_Task brief_: I'd like the entries reproduced exactly, with all pictures omitted.

(Data to process)

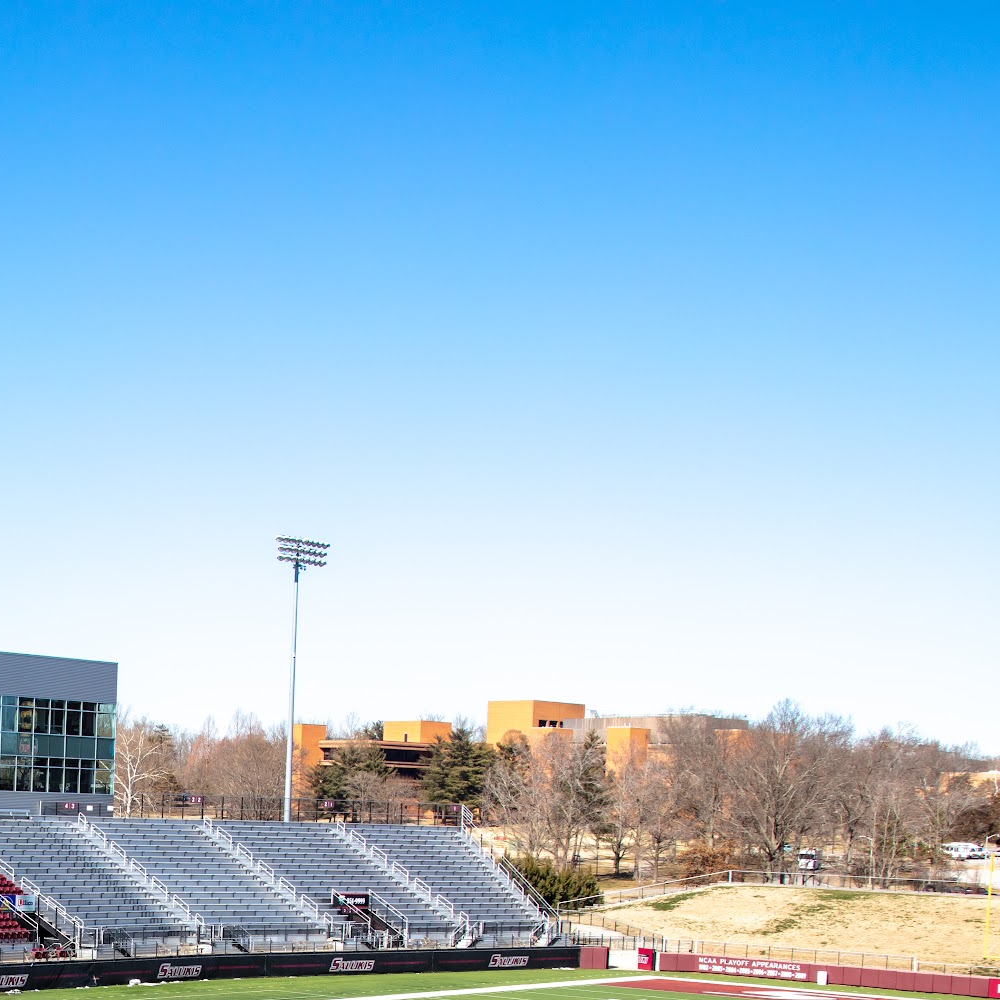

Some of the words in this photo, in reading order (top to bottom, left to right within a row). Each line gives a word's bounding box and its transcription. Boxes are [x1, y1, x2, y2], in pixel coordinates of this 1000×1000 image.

[329, 957, 376, 972] SALUKIS
[488, 953, 530, 968] SALUKIS
[720, 958, 750, 966] PLAYOFF
[751, 960, 801, 971] APPEARANCES
[156, 962, 203, 980] SALUKIS

(End Data to process)

_Task answer_:
Some of the words in this photo, in reading order (top to bottom, left to right within a row). Each line gives a word's bounding box and its transcription. Boxes are [x1, y1, x2, y2], in pixel coordinates of this 1000×1000 image.

[329, 957, 376, 972] SALUKIS
[488, 953, 530, 968] SALUKIS
[720, 958, 750, 966] PLAYOFF
[751, 960, 801, 971] APPEARANCES
[156, 962, 203, 980] SALUKIS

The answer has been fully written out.